◆ Work to complete: Any picture in the data below gets skipped; print all the rest exactly.

** Opening Records shown block **

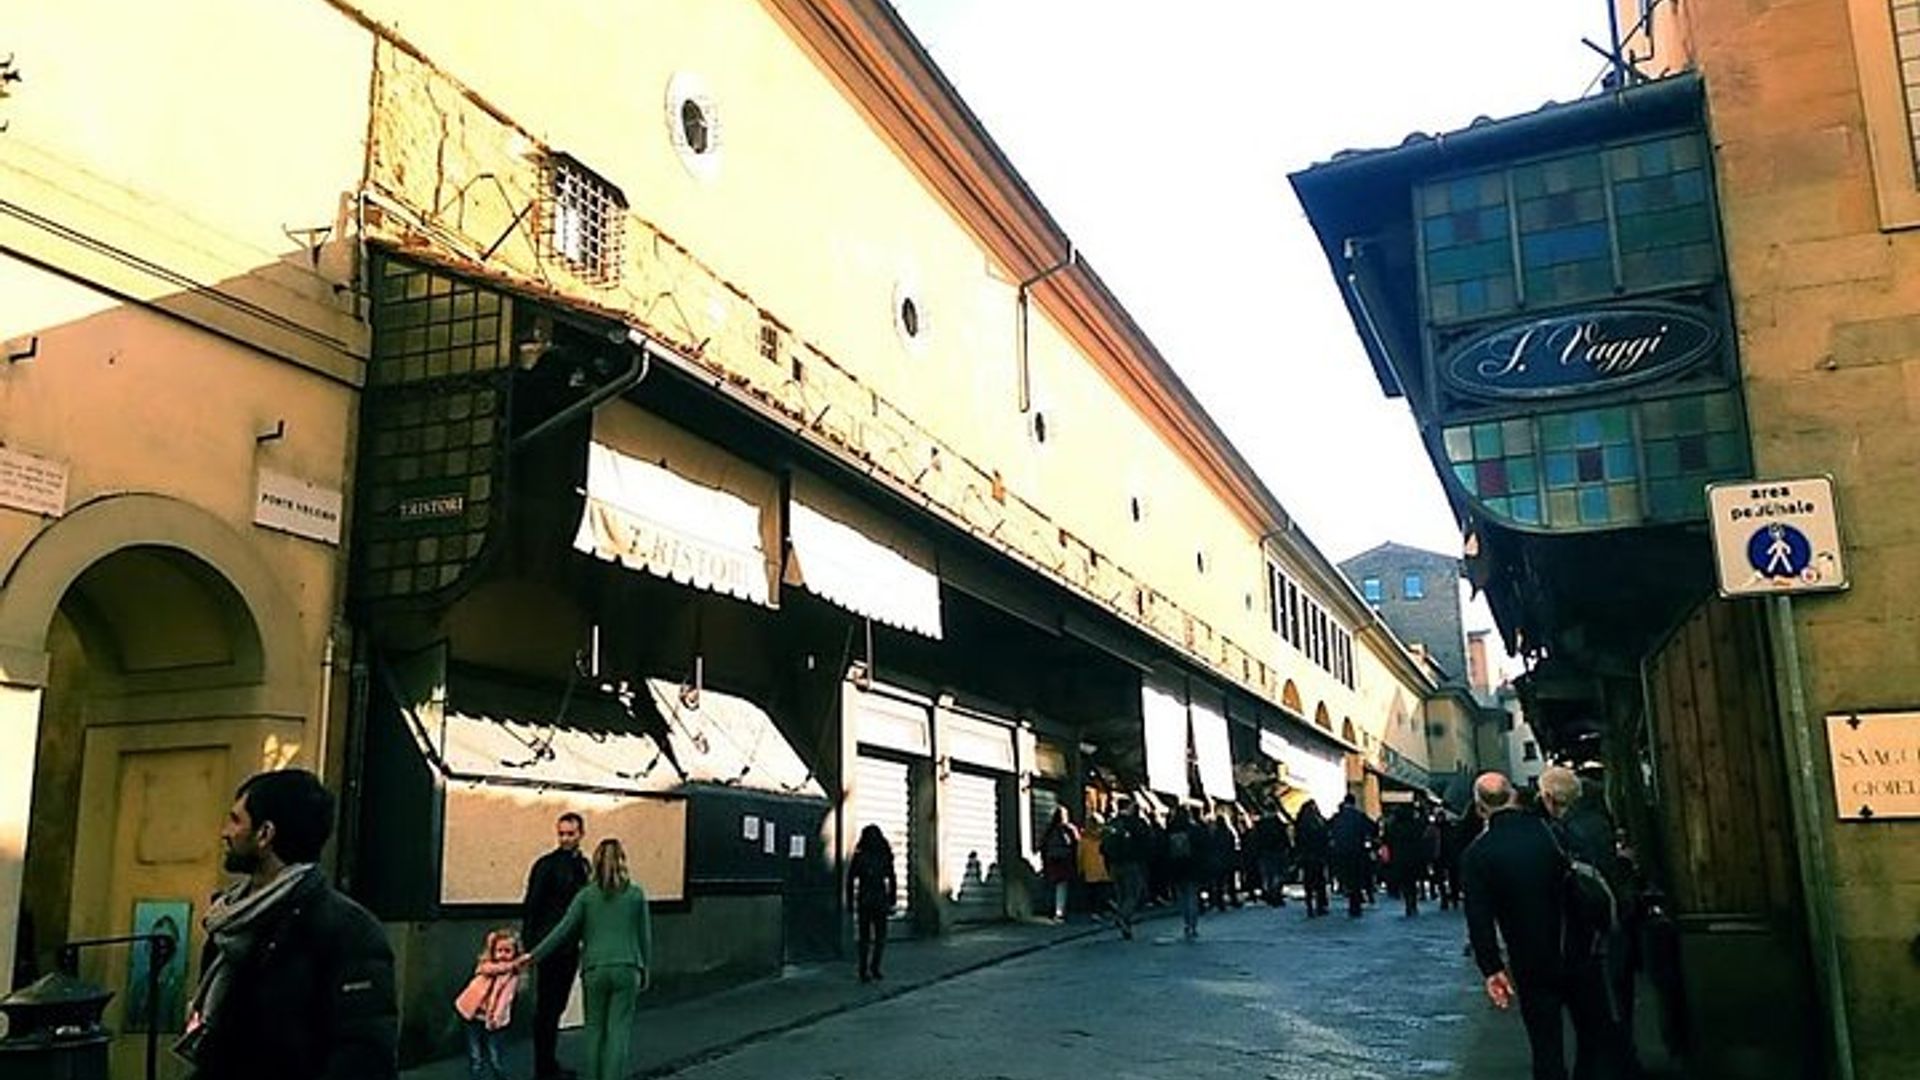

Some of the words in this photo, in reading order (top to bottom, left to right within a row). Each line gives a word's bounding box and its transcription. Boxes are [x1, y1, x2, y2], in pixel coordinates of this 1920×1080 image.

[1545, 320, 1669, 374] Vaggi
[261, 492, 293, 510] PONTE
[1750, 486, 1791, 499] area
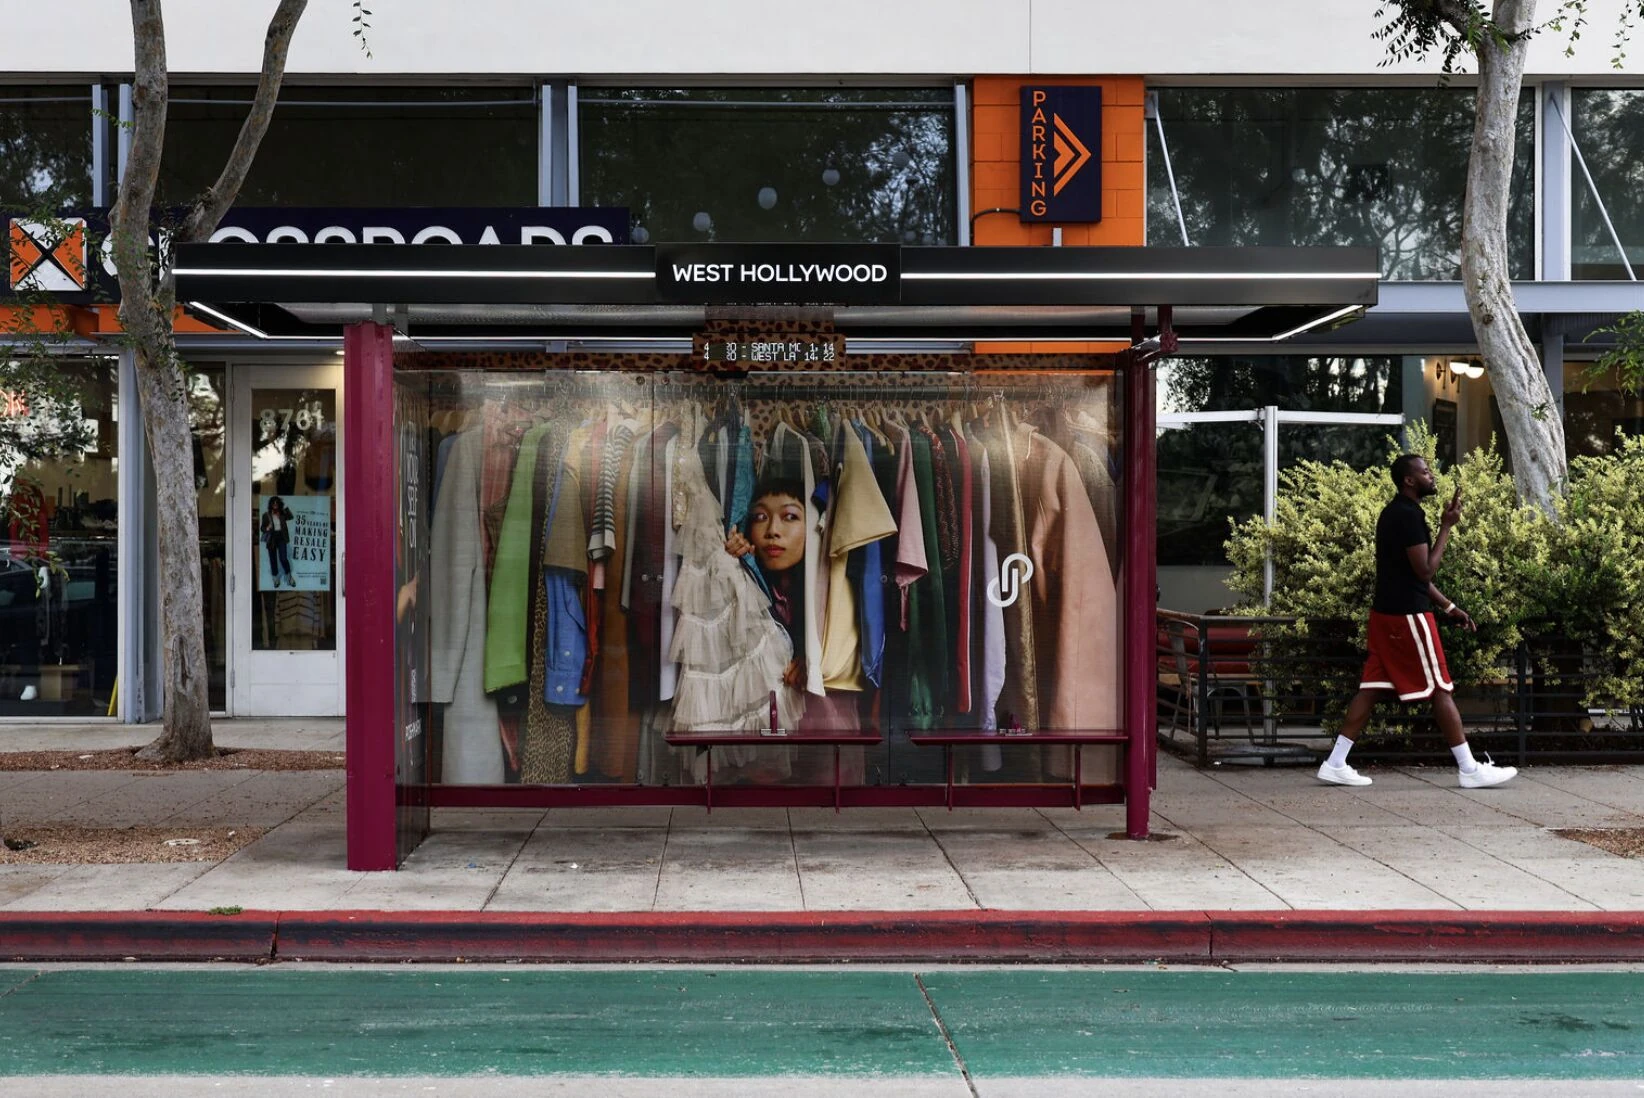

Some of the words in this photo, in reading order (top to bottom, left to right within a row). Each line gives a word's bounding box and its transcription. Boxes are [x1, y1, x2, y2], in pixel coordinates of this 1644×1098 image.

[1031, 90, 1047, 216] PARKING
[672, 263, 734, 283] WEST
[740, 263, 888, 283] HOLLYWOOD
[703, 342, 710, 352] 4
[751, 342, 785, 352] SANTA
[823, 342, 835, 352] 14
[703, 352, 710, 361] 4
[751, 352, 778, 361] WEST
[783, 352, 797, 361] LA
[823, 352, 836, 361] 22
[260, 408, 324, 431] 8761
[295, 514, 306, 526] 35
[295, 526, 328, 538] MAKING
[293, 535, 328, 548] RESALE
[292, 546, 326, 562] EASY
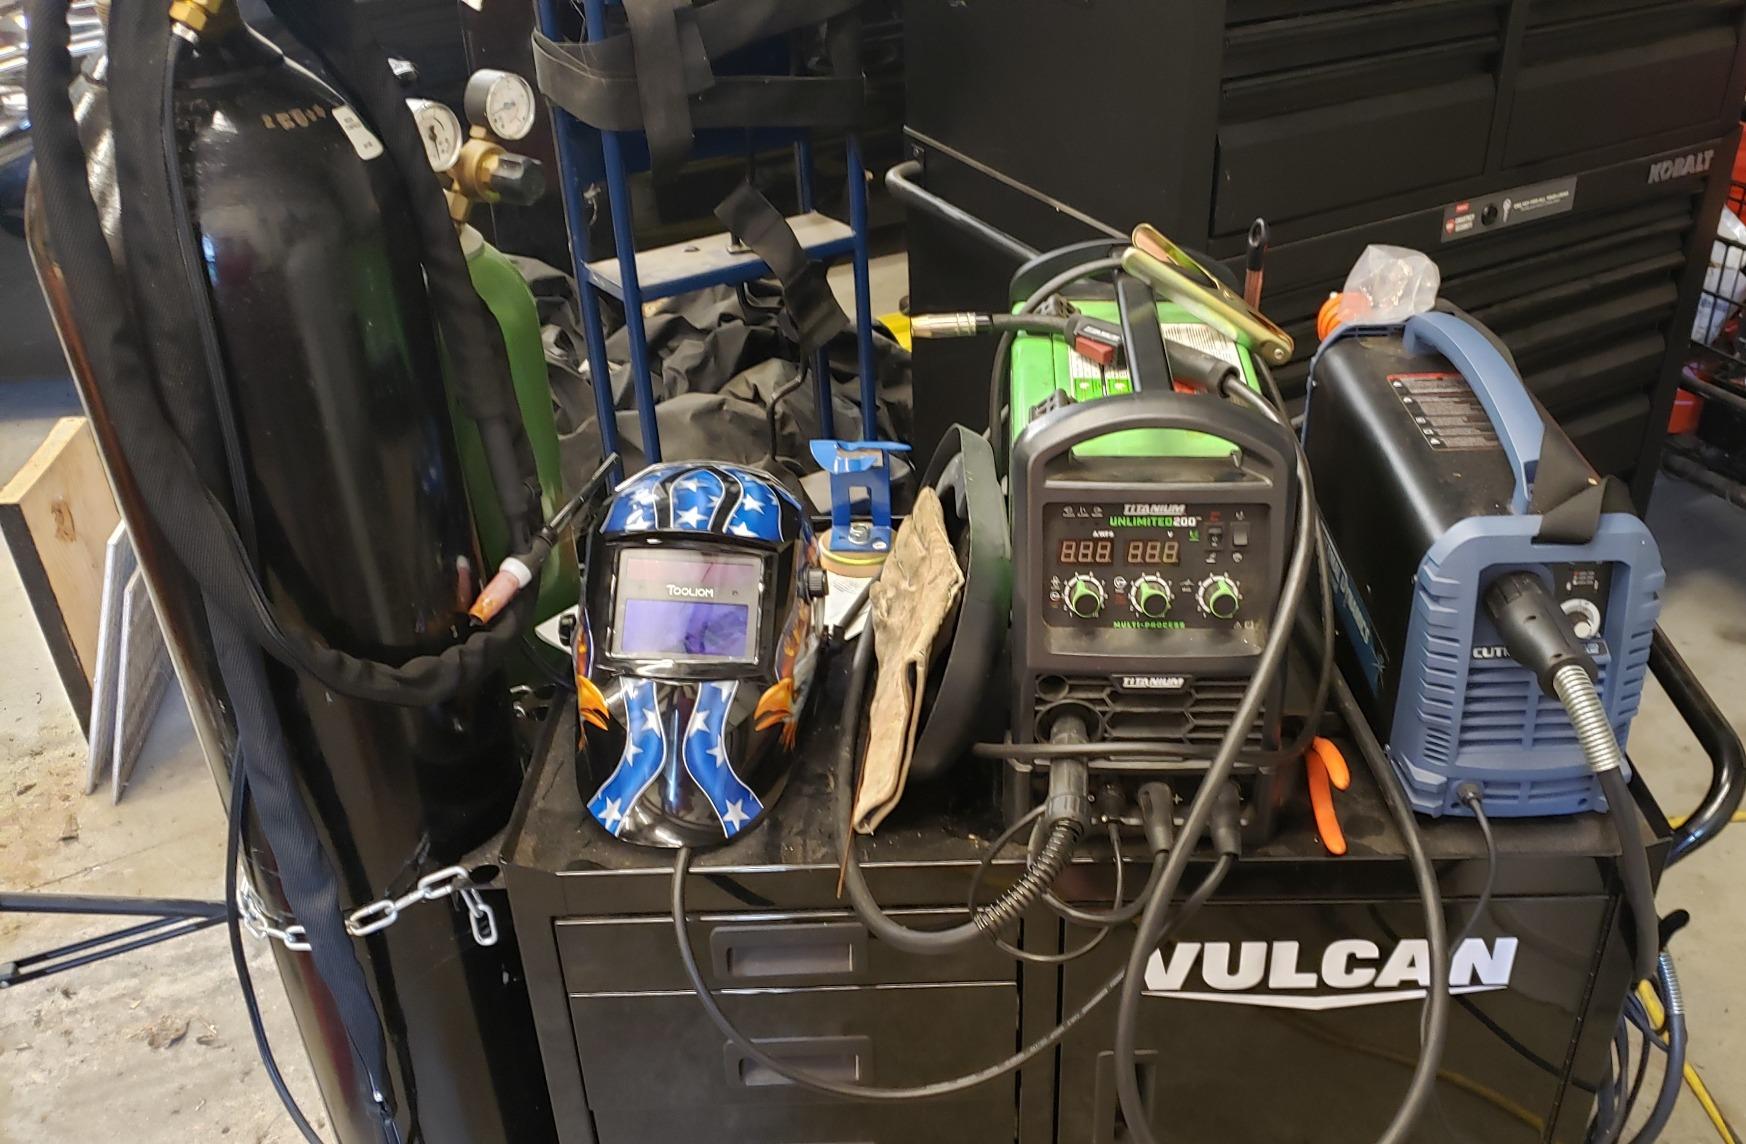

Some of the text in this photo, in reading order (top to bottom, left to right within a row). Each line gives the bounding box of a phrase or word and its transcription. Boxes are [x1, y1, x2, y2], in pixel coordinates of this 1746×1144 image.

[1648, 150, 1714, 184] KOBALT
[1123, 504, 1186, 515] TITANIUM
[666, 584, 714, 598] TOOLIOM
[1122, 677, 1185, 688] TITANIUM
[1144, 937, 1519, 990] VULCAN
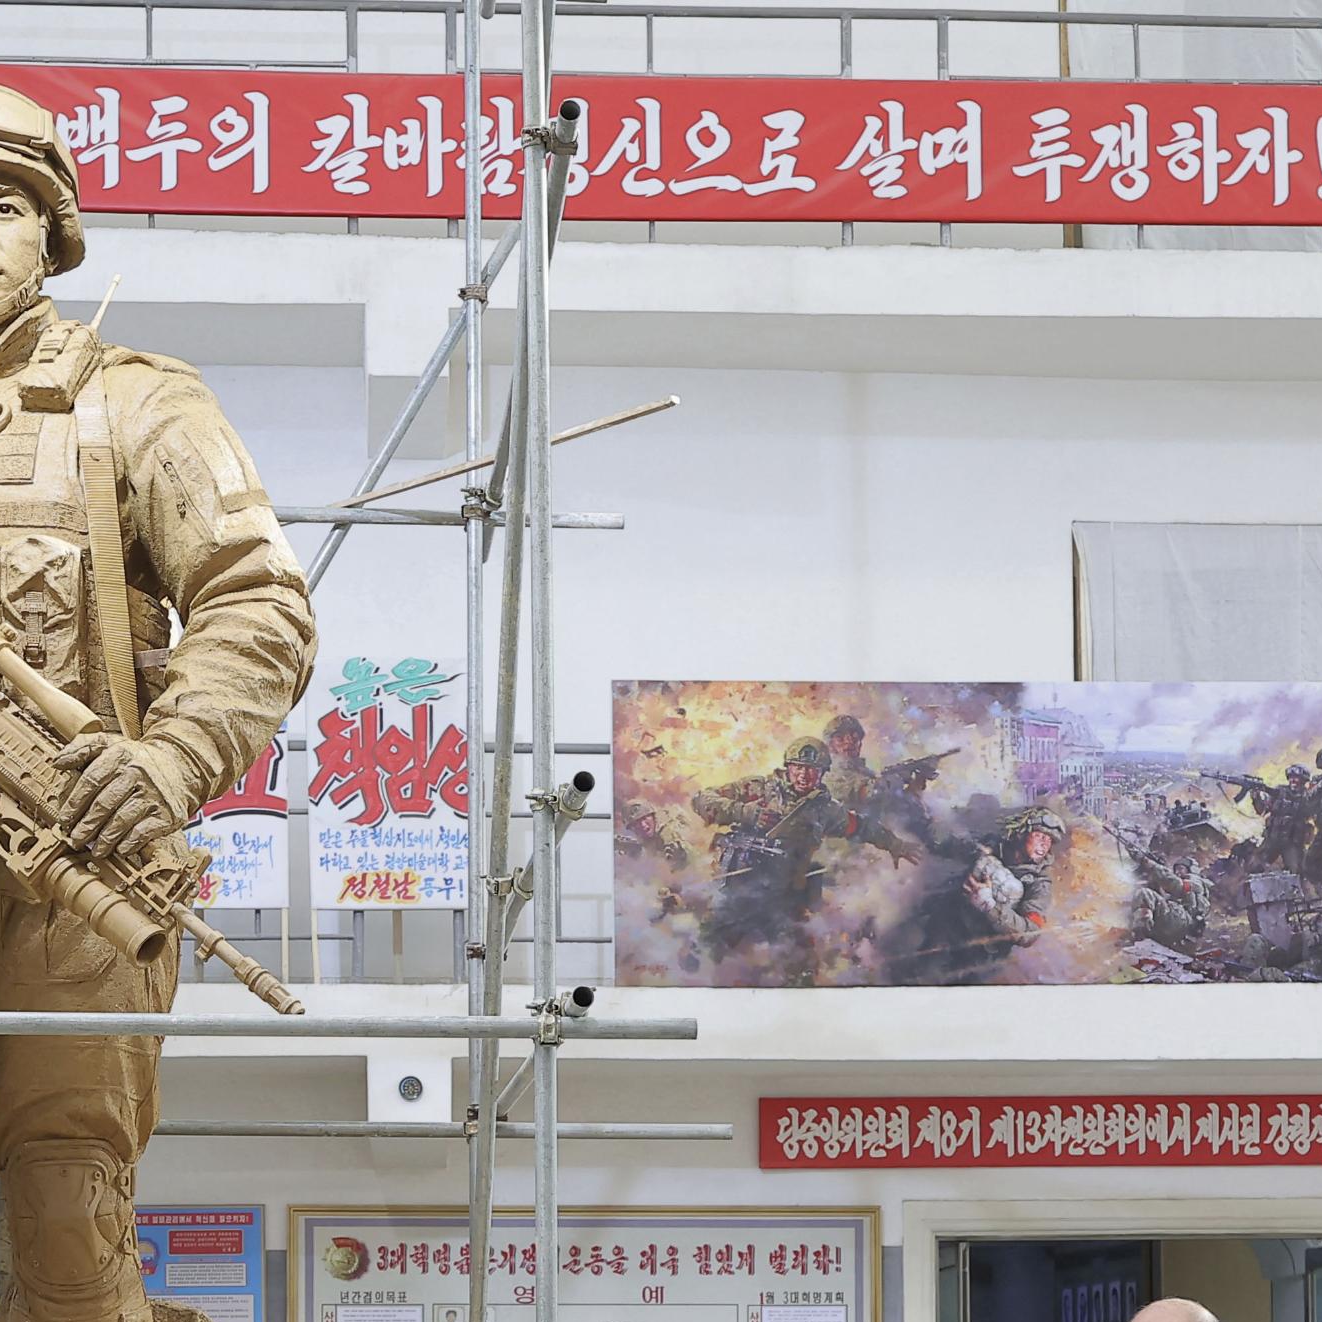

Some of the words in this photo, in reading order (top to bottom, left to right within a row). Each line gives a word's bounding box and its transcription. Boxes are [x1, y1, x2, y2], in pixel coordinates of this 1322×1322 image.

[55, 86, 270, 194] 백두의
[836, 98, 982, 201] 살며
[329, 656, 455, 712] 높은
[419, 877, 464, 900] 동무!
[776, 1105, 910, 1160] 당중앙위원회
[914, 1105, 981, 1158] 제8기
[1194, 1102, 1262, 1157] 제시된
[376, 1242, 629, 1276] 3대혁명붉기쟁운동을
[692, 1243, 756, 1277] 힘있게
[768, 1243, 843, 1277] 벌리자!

** Closing Records shown block **

◆ Result:
Some of the words in this photo, in reading order (top to bottom, left to right within a row). Each line gives a word's bounding box and its transcription. Boxes are [x1, y1, x2, y2], in pixel coordinates of this 1920×1080 image.

[1545, 320, 1669, 374] Vaggi
[261, 492, 293, 510] PONTE
[1750, 486, 1791, 499] area

Some of the words in this photo, in reading order (top to bottom, left to right within a row). Each line gives a word's bounding box and its transcription. Boxes are [x1, y1, x2, y2], in pixel coordinates of this 1644×1098 image.

[1031, 90, 1047, 216] PARKING
[672, 263, 734, 283] WEST
[740, 263, 888, 283] HOLLYWOOD
[703, 342, 710, 352] 4
[751, 342, 785, 352] SANTA
[823, 342, 835, 352] 14
[703, 352, 710, 361] 4
[751, 352, 778, 361] WEST
[783, 352, 797, 361] LA
[823, 352, 836, 361] 22
[260, 408, 324, 431] 8761
[295, 514, 306, 526] 35
[295, 526, 328, 538] MAKING
[293, 535, 328, 548] RESALE
[292, 546, 326, 562] EASY

Some of the text in this photo, in reading order (top to bottom, left to right within a row). Each line gives the bounding box of a phrase or word and its transcription. Boxes are [x1, y1, x2, y2], in pixel coordinates of this 1746×1144 image.

[1648, 150, 1714, 184] KOBALT
[1123, 504, 1186, 515] TITANIUM
[666, 584, 714, 598] TOOLIOM
[1122, 677, 1185, 688] TITANIUM
[1144, 937, 1519, 990] VULCAN

Some of the words in this photo, in reading order (top to bottom, left to right within a row). Each line gives a word's bounding box and its transcription. Boxes are [x1, y1, x2, y2], in pixel coordinates of this 1322×1322 image.

[55, 86, 270, 194] 백두의
[836, 98, 982, 201] 살며
[329, 656, 455, 712] 높은
[419, 877, 464, 900] 동무!
[776, 1105, 910, 1160] 당중앙위원회
[914, 1105, 981, 1158] 제8기
[1194, 1102, 1262, 1157] 제시된
[376, 1242, 629, 1276] 3대혁명붉기쟁운동을
[692, 1243, 756, 1277] 힘있게
[768, 1243, 843, 1277] 벌리자!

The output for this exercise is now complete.